This four-person exhibition is over, but you can check out the artists' work at their web sites. This review was in the Kansas City Star, June 13, 2012.
Chameleon, by Marcus Cain |
Fiendishly disturbing, “The Hillbilly Kama Sutra” is also often predictable.
St.
Louis printmaker Tom Huck’s inelegant suite of linoleum cut prints,
“The Hillbilly Kama Sutra,” is a study in, among other things,
disparities. The prints at Sherry Leedy Contemporary Art are beautifully
detailed, drawing influence from the historical thematic print series
of William Hogarth and Honore Daumier.
Huck’s suite maps out in
graphic detail humans, skeletons and other beings — costumed and
otherwise — in multiple stages of violent sexual activity. Yawn.
If the results are wince-inducing and mostly grotesque, this printmaking
process is strikingly intricate, which is, of course, part of the
point. Huck has said he wants “to make bad things beautiful.” By setting
up the age-old and stale don’t-want-to-look-but-can’t-help-but-look
paradox, he creates a disquieting print suite with indeterminate and
perhaps simply gratuitous purpose.
Anne Austin Pearce and Marcus Cain are 2012 Charlotte Street Foundation visual artist fellows.

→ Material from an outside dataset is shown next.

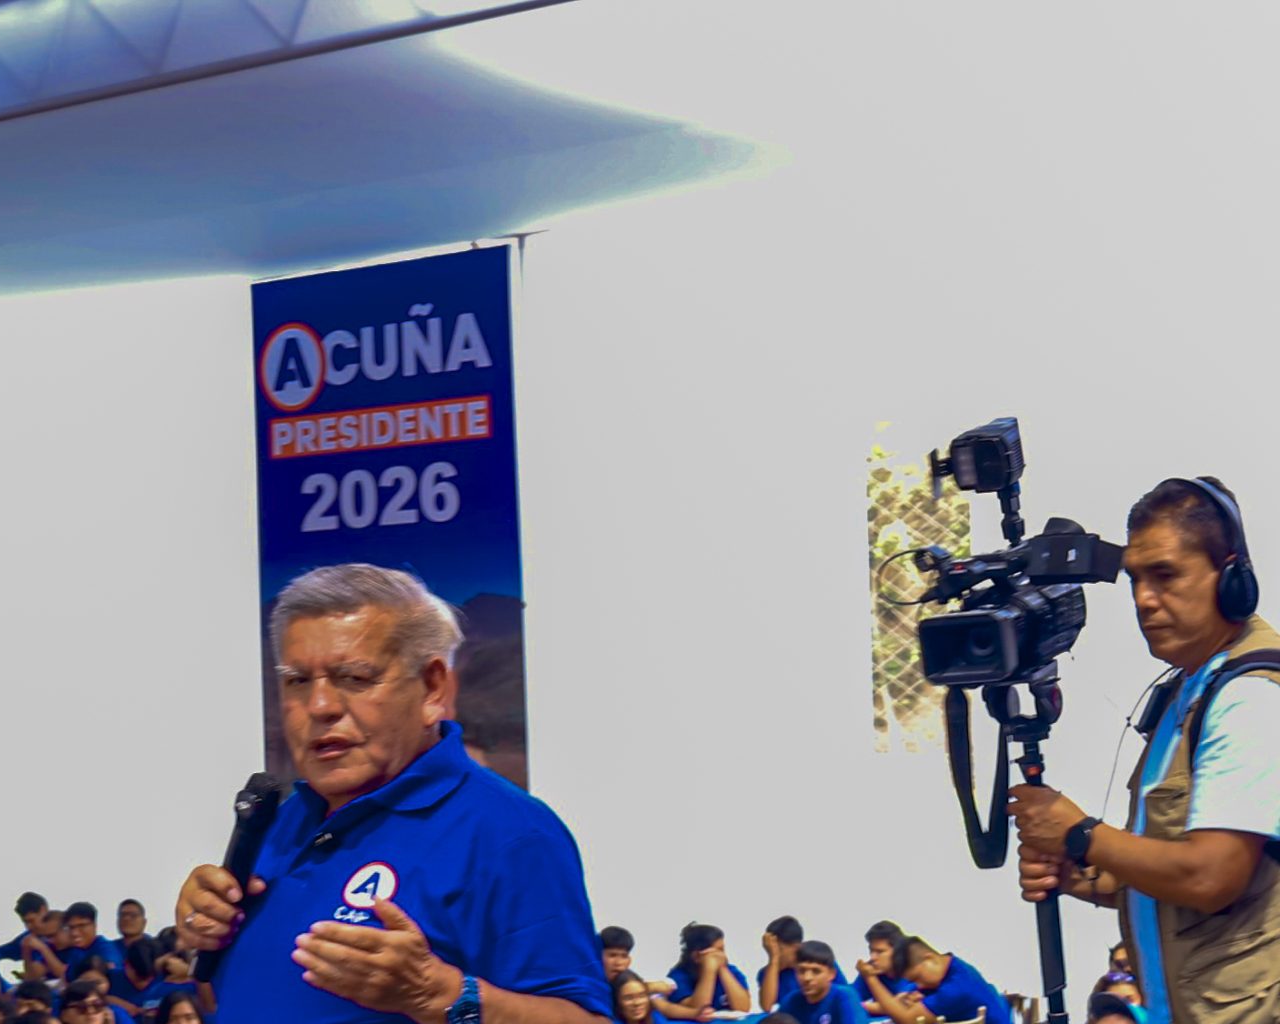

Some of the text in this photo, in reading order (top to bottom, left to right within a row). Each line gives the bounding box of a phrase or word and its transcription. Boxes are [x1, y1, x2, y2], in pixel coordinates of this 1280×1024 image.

[267, 303, 493, 396] ACUÑA
[271, 401, 488, 455] PRESIDENTE
[300, 462, 461, 532] 2026

Pearce’s “Undertow” feels like a sea change. Having finally shed the
fragmented body, these new paintings surpass her previous work. Painted
on paper and framed, the giant 84-by-54-inch paintings “Inverted” and
“Overlooking a Well” are staggeringly accomplished.
Using water as
a metaphor for her thoughtful examination of “the unnamable corridors
of emotion,” Pearce’s free-flowing works suggest sophisticated yet
enchanted underwater fairylands. Now untethered from the human form,
Pearce is free to utilize space with more authority and creative
freedom. The movement in all of these works feels completely alive and
complicated in ways that her previous work did not.
The five
paintings of “Disruptive 1-5” enjoy a velvety surface. The flowing
paint, partially absorbed into the wood panel surface, has a magnetic
effect, pulling us along. “Undertow” is an apt title for Pearce’s
metaphysical paintings inspired by water and its energy.
Marcus
Cain continues his interest in stippling. Abstract paintings with little
quirky eyes could feel banal, but Cain’s earnest soulfulness keeps
cliché at bay. His carefully plotted paintings radiate dense precision
and yet something unknowable and mysterious. Cain’s meticulousness
embodies a sense of order out of disorder and control over chaos.
While Cain notes that he approaches the world with “wonder and dread,”

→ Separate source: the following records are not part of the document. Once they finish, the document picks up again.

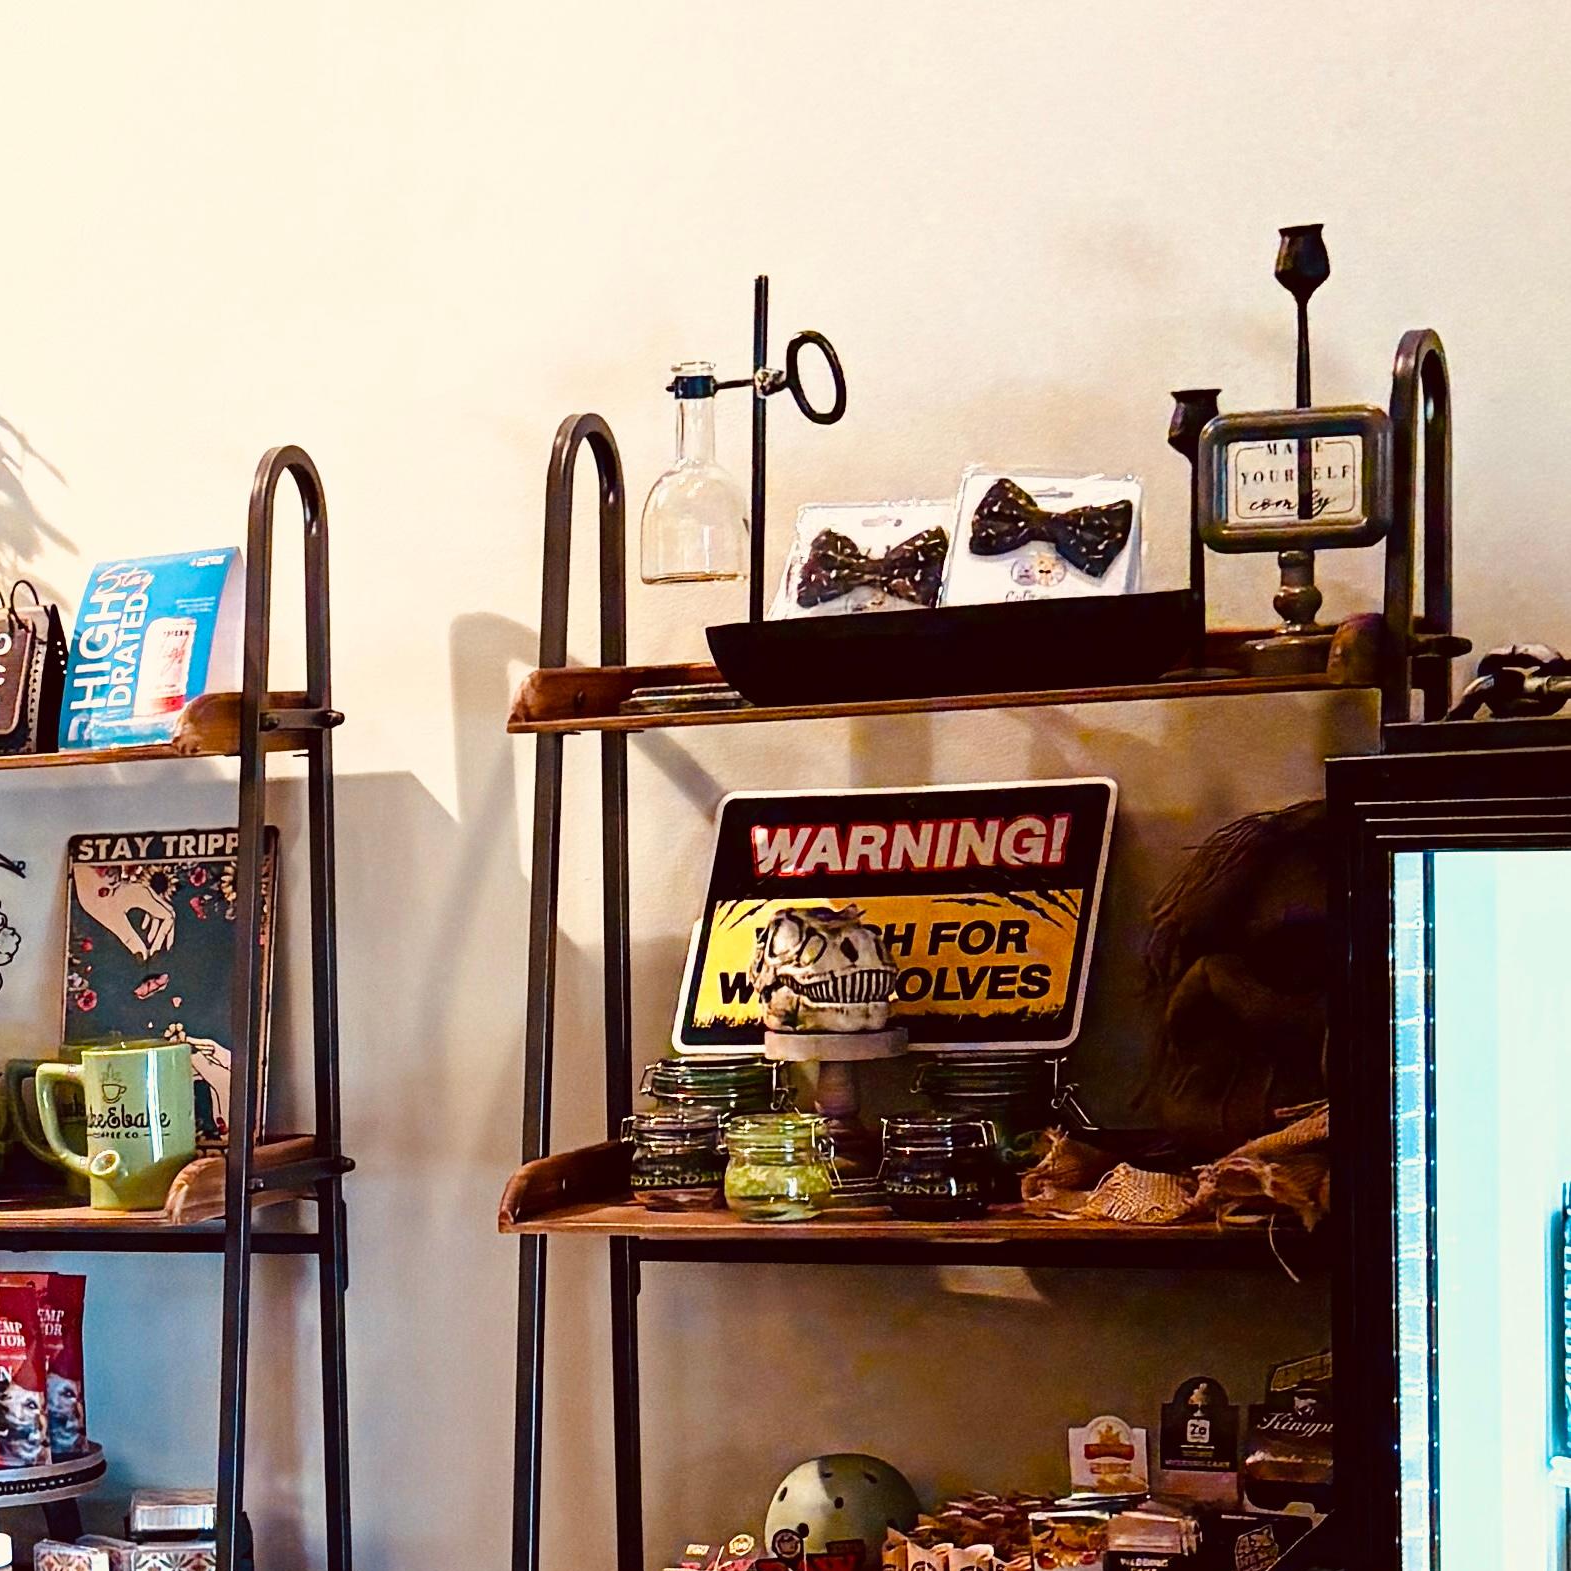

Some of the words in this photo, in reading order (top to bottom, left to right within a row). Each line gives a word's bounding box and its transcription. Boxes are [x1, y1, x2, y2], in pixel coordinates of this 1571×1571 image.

[1267, 440, 1323, 455] MAE
[1241, 465, 1350, 485] YOURELF
[1250, 488, 1336, 519] comy
[70, 591, 127, 710] HIGH
[78, 836, 154, 861] STAY
[162, 833, 239, 857] TRIPP
[753, 815, 1069, 876] WARNING!
[929, 920, 1029, 957] FOR
[720, 964, 1051, 1005] WOLVES
[1257, 1412, 1334, 1438] Kingpi

we can’t help but find the wonder in each of his delicate, but
definitive paintings. The dots radiate energy; the paintings pulsate and
vibrate. Painted as sheer dynamism, shadowy faces and heads emerge from
the space of these paintings as if in transformative states of being
and becoming.
Kent Michael Smith also has the ability to stay
true to a particular process or theme, yet continually advance it in
engaging ways. In this latest group of paintings suspended in resin,
Smith works in the round and has also begun to use larger geometric
acrylic shapes within all the paintings. Where those geometric forms
have been smallish in the past, they are now large and commanding,
giving the works a new feeling of heft and difference.
While his
backgrounds are typically gestural, as a counterpoint to the strict
geometric forms that float suspended above, in two of the works he has
scraped the paint off of his studio floor to create the background.
These multihued scrapings add an alien depth to his already hypnotic
works. The scrapings are dense, a little dirty, and he layers them so
they become a contentious and unfamiliar surface upon which his sharp
geometric forms smoothly ride.
My advice? Hightail it to the gallery for a jam-packed free ride with four artists doing what they do best.